Which of the following best represents the description – “seeks to prevent the unauthorized disclosure of information”?
So our choices for this questions are:
Confidentiality
Integrity
Secret
Private
The answer is ……. Confidentiality.
Confidentiality
The purpose of confidentiality is to inhibit the unauthorized disclosure of information, which makes Disclosure an opposite of Confidentiality. The cybersecurity professional must keep data secret. So we need to keep unauthorized people/systems from accessing data they have no business seeing. Many times confidentiality is associated with safeguarding PII or Personally Identifiable Information. PII can take on many forms such as credit card information, social security number, drivers license number, or any number of other data that can personally identify an individual.
Data must be safeguarded such that only users who have clearance, formal approval, and the need to know. Need to know is an interesting qualifier as some users withing an organization may have clearance to data but no real need to know. This happens frequently in top secret government locations. Without need to know, users are not allowed to see data they may have clearance to view.

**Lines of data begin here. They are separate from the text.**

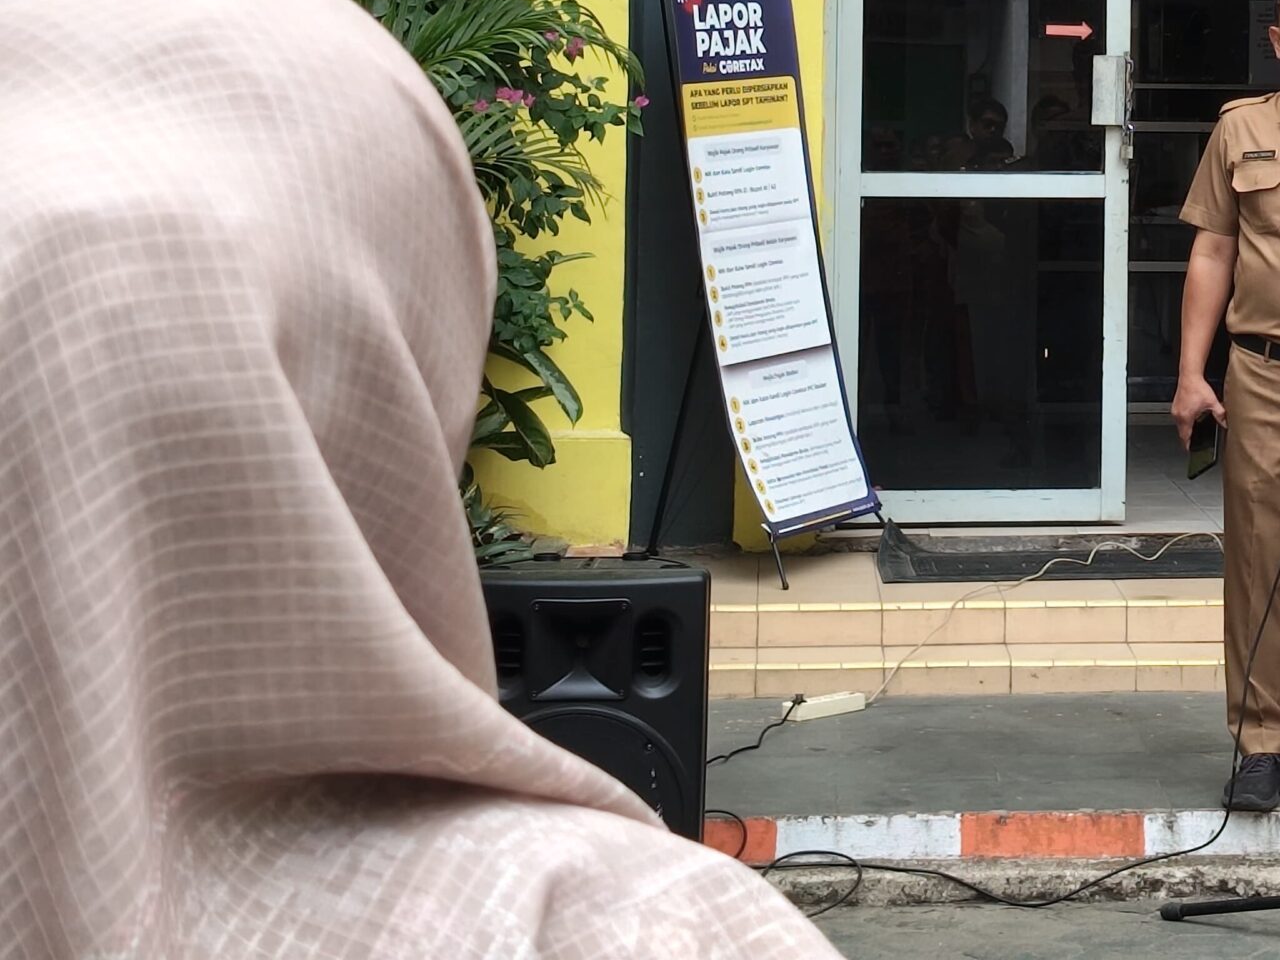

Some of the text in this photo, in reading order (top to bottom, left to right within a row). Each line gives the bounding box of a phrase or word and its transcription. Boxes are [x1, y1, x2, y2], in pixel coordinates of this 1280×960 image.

[692, 2, 763, 30] LAPOR
[696, 28, 767, 57] PAJAK
[719, 58, 765, 75] CORETAX
[690, 88, 703, 98] APA
[704, 87, 720, 96] YANG
[720, 98, 741, 108] LAPOR

Privacy is closely associated with Confidentiality. Numerous countries around the world have laws specifically geared to protecting the privacy of their citizens. The United States is not one of them. Instead there are a piece meal of regulations such as HIPAA, Sarbanes–Oxley, and Gramm–Leach–Bliley that provide a rudimentary foundation for privacy. The Health Insurance Portability and Accountability Act (HIPAA) is specific to the medial field. It requires medical providers keep the medical information of their patients private. To some extent it makes working with your provider more difficult as you have to specifically indicate who they can talk to about your condition, including your spouse. Now for some, I can see where that could be an issue. ( Think of a spouse that has something to hide, perhaps about certain of their activities. ) For me, it is just a pain that I have to fill out more paperwork, but the intent is Safeguarding Confidentiality.